I remain abreast of Australian news via podcasts and news sites, utterly fascinated with US and Aussie politics, and hopelessly addicted to the most repugnant aspects of both. One thing’s for sure – I’m never short of material.
When the sun goes down my wife goes to Queens to play an old grand piano for tips at a mafia-owned Italian restaurant and I go to work as a stand-up comedian. We meet up after our gigs and trade horror stories.
I can do five different gigs in the one night here,starting at 6pm and finishing at 1am. In Australia I could get about four gigs a week – that’s if I was really organised. I’ve written and performed more material in the last seven months than the entire seven years I’ve been doing stand-up. There’s just something in the water. (Other than microscopic shrimp called copepods. Yes, that is a thing.)
So why am I here?
You might know my work from the Australian comic strip Ginger Meggs, which these days is syndicated to 34 countries through Universal Press Syndicate. They work hard distributing the strip and translating our little Aussie mate into different languages.
When I took over that strip at the end of 2007, the newspaper industry was standing in the wet sand as the tide rapidly receded, with the impending tsunami eventually obliterating mastheads across the globe.
The Funny Pages seemed to be standing front and centre, in many cases disappearing completely. The lucky survivors were reduced to a feeble afterthought in the wake of the disaster. In my first year I lost over 40 papers. Talk about a baptism of fire.
But I wasn’t the worst hit – some guys have since had to fold their strip completely. My job is now to keep young Meggs alive and thriving, despite taking such a whack in the guts. (Don’t worry, he’s a good scrapper.)
I was informed in 2013 that I’d be getting my own editor and use of Universal’s marketing department. Exciting huh? Oh, there’s just one small hitch. When my editor gets to his desk at 9am, it’s midnight in Melbourne. Bless.
I did try to work antipodean hours for a year or so but, eventually, sleep-deprived and exasperated, I applied for a visa to live and work from the States to avoid waking up to an inbox full of US voicemails and emails.
Since 1921, Ginger Meggs has survived many a depression. However, gaining the attention of the iGeneration remains his biggest challenge. He now has an app, a blog, e-books, daily published strips on UClick, followings on Twitter and Facebook – and that’s all on top of the print side of things.

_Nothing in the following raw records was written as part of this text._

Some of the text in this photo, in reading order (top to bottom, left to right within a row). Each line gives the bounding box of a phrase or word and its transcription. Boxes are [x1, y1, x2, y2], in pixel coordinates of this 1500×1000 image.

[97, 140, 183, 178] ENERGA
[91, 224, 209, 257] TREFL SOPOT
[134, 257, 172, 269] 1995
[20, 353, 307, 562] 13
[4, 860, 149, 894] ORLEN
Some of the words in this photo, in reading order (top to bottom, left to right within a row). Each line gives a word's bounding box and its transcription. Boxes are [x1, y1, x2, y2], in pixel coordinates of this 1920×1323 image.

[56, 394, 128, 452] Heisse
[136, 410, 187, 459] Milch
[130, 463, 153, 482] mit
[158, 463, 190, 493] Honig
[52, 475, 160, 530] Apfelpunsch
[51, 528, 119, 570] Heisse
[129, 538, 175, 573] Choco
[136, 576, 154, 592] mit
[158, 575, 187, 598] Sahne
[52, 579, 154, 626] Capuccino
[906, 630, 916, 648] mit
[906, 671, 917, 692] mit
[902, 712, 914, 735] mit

Being a comic strip cartoonist is a lot more work than it used to be, and it keeps changing rapidly every year. For that reason alone, there’s no better place to find out what’s coming next in this industry than right here in the heart of it. That is why I’m here.
One of my cartooning heroes was the late Paul Rigby – a legendary Aussie cartoonist [and five-time Walkley winner]. I was lucky enough to meet him in Perth way back when I still had only one chin. He’d retired to WA after an illustrious career working for Murdoch in London and New York.

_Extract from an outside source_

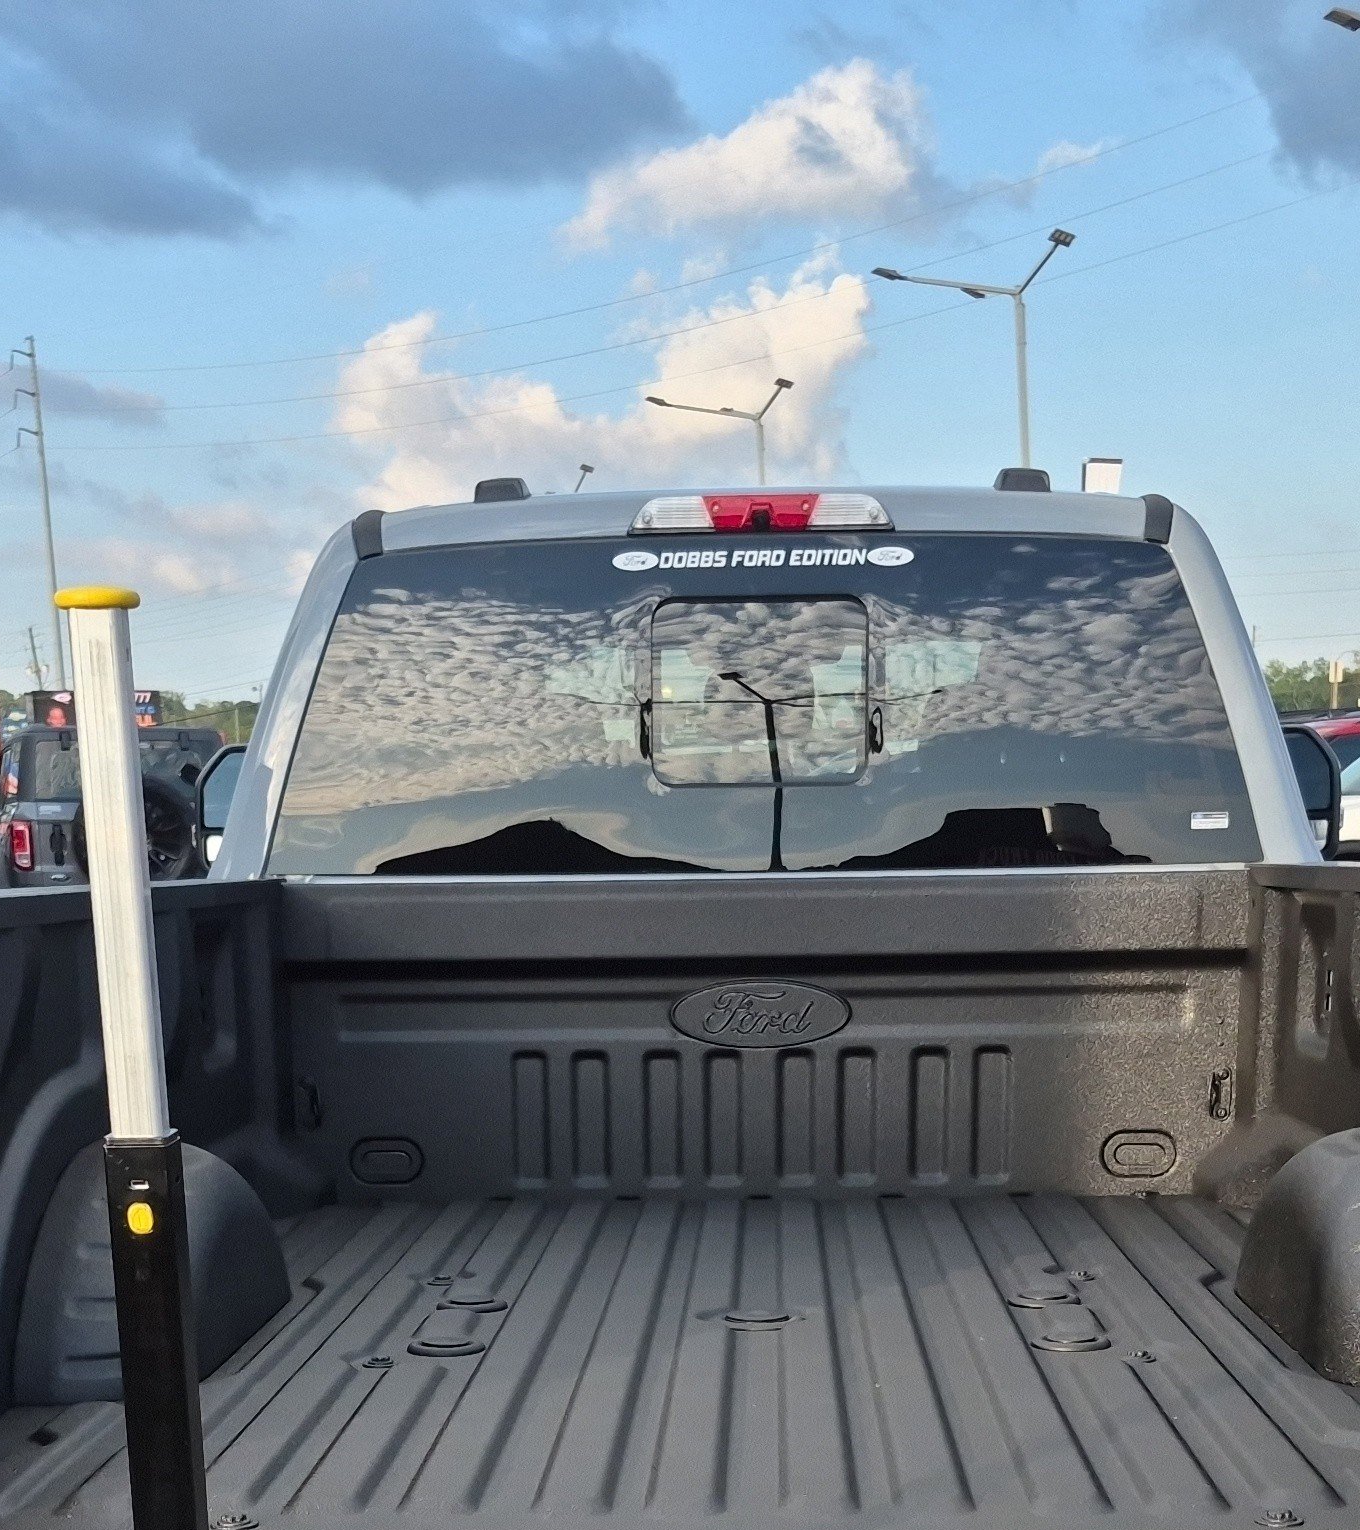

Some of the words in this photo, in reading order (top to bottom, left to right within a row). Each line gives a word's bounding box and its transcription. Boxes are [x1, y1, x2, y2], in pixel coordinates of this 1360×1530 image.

His advice was, “If you want to keep your ear to the ground, you’d damned well better make sure it’s the right bit of bitumen.” He ended by saying if I wanted to find myself most challenged as an artist, I should work from one of the big cities.
“It’ll either break you, or it’ll make you. But don’t ever expect it to happen on your terms,” he laughed.
Despite the internet being conducive to free-flowing information being shared between colleagues around the world, the big conversations inevitably start as smaller ones in closed offices, at lunch tables and in bars in London or Manhattan.
So here I sit at my desk, partly scribbling to the tune of an impossible deadline, partly still trying to figure out how Steve does graphic design.
What’s ahead? Who knows. I’ve been asked to host the 2015 Reuben Awards in Washington DC in 2015, which is essentially the Walkleys with more beer.
I should probably buy a tux.
Jason Chatfield is an Australian comedian and cartoonist. He is the New York correspondent for ABC News Breakfast.